Selasa 16 Jun 2020 19:14 WIB

Indef: Isu Administrasi Hambat Efektivitas Stimulus Pandemi

Kemenkeu mencatat stimulus sektor kesehatan untuk penanganan Covid-19 masih rendah.

Rep: Adinda Pryanka/ Red: Nidia Zuraya
Sejumlah tenaga kesehatan mengenakan alat pelindung diri (APD) saat uji rapid test COVID-19 masal di Kota Pekanbaru, Riau, Kamis (4/6/2020). Kementerian Keuangan mencata stimulus sektor kesehatan untuk penanganan pandemi Covid-19 masih rendah.
Foto: Antara/FB Anggoro
Sejumlah tenaga kesehatan mengenakan alat pelindung diri (APD) saat uji rapid test COVID-19 masal di Kota Pekanbaru, Riau, Kamis (4/6/2020). Kementerian Keuangan mencata stimulus sektor kesehatan untuk penanganan pandemi Covid-19 masih rendah.

REPUBLIKA.CO.ID, JAKARTA – Ekonom Institute for Development of Economic and Finance (Indef) Bhima Yudhistira menyebutkan, masalah teknis administrasi menjadi hambatan utama dalam realisasi stimulus fiskal penanganan pandemi Covid-19. Misalnya, kesesuaian aturan teknis antara pemerintah pusat dengan daerah yang membutuhkan waktu lama.

Apalagi, Bhima menambahkan, koordinasi bersifat virtual yang selama pandemi dibutuhkan tidak dapat diikuti oleh semua daerah. "Dampaknya ada komunikasi dari pusat ke daerah yang tidak optimal," tuturnya ketika dihubungi Republika.co.id, Selasa (16/6).

Baca Juga

Faktor berikutnya yang menghambat realisasi stimulus fiskal di lapangan adalah kekhawatiran pelaksana teknis terseret kasus korupsi. Bhima mengatakan, hal ini menciptakan sikap kehati hatian yang tidak pada tempatnya, sehingga justru memperlama birokrasi.

Data penerima stimulus yang belum tersedia menjadi permasalahan berikutnya. Bhima menyebutkan, terjadi overlapping data juga yang harus dihindari. “Misalnya, satu orang menerima bantuan pusat, bisa juga dapat program dari pemerintah daerah. Padahal yang lain masih banyak yang belum masuk ke pendataan,” katanya.

Bhima mengakui, penerapan physical distancing dan Pembatasan Sosial Berskala Besar (PSBB) akan menghambat proses verifikasi data di lapangan. Tapi, pemerintah dan pemangku kepentingan terkait sepatutnya mampu mengantisipasi permasalahan ini mengingat stimulus fiskal merupakan kebutuhan masyarakat saat ini.
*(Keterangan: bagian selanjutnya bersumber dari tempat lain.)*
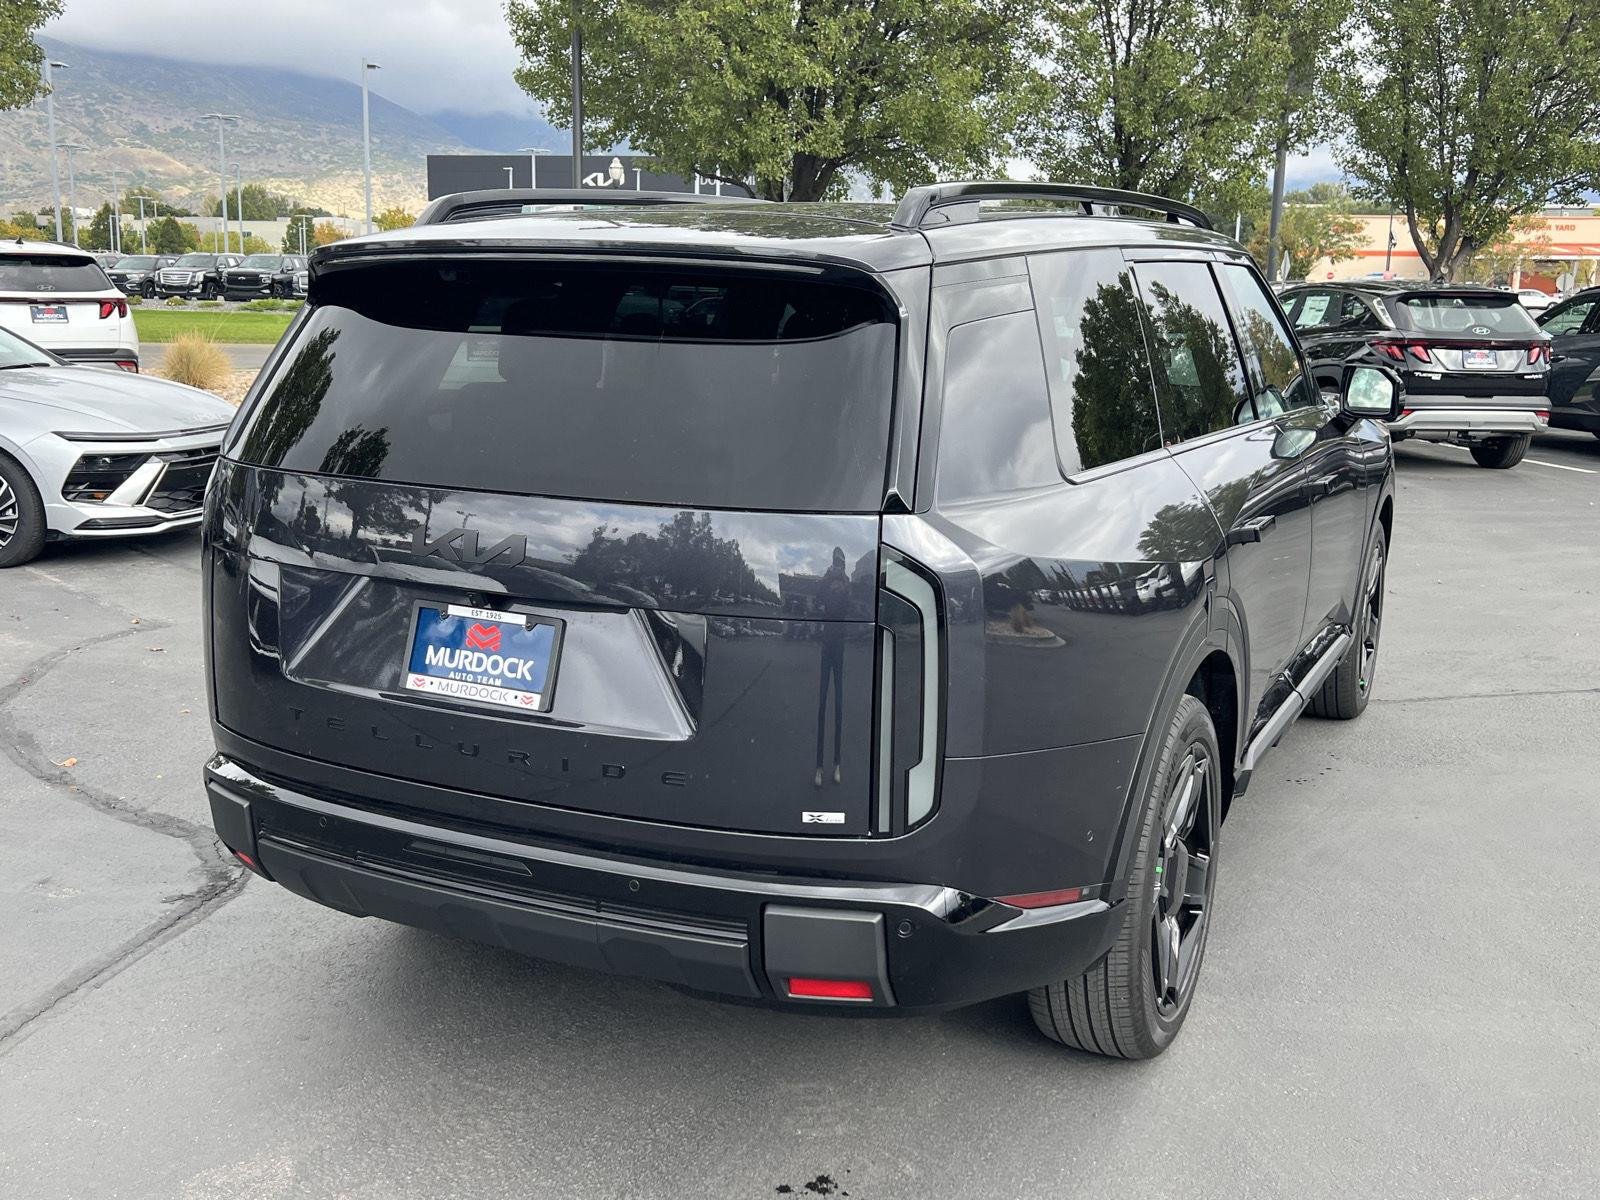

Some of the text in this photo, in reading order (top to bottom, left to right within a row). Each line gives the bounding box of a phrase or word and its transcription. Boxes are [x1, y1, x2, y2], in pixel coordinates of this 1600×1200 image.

[411, 524, 527, 568] KIA
[486, 611, 502, 620] 1925
[425, 645, 534, 681] MURDOCK
[437, 681, 509, 702] MURDOCK
[448, 670, 502, 686] AUTO TEAM
[287, 705, 687, 786] TELLURIDE
Untuk mengantisipasi permasalahan teknis ini, Bhima menganjurkan pembentukan tim khusus lintas Kementerian/ Lembaga. Mereka harus memprioritaskan permasalahan bottleneck. "Ini juga menjamin ego sektoral tidak dominan," ujarnya.
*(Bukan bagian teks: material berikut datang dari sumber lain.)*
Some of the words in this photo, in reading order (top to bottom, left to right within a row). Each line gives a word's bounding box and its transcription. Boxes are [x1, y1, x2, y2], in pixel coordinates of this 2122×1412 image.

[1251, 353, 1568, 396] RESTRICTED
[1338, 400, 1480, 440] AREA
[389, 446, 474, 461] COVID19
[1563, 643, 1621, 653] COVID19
Sementara itu, dalam mencegah korupsi dan ketakutan pelaksana teknis yang berlebihan, peran lembaga terkait harus dilibatkan. Dalam hal ini adalah Komisi Pemberantasan Korupsi (KPK) dan Badan Pemeriksa Keuangan (BPK). Bhima memberikan contoh, pendampingan dan bantuan konsultasi harus dilakukan lebih intensif.
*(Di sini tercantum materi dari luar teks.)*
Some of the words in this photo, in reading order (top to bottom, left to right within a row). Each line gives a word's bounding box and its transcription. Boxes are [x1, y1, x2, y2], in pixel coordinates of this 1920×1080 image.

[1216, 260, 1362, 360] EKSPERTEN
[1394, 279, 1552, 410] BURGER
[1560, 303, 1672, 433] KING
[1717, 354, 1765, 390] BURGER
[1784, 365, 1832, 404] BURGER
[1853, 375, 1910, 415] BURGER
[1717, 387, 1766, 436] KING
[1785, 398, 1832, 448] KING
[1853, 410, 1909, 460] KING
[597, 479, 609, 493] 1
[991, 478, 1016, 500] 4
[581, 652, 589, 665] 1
Kementerian Keuangan (Kemenkeu) mencatat, perkembangan stimulus sektor kesehatan untuk penanganan pandemi Covid-19 masih rendah. Realisasinya berada pada level 1,54 persen dari anggaran yang ditetapkan pemerintah, Rp 87,55 triliun.

Menteri Keuangan Sri Mulyani menjelaskan, realisasi yang masih sangat kecil ini dikarenakan masih terkendala proses admnistrasi dan verifikasi yang rigid. “Jadi, ada gap antara realisasi keuangan dan fisik dengan anggaran yang disediakan maupun pelaksanaannya,” tutur Sri dalam konferensi pers Kinerja APBN Kita, Selasa (16/6).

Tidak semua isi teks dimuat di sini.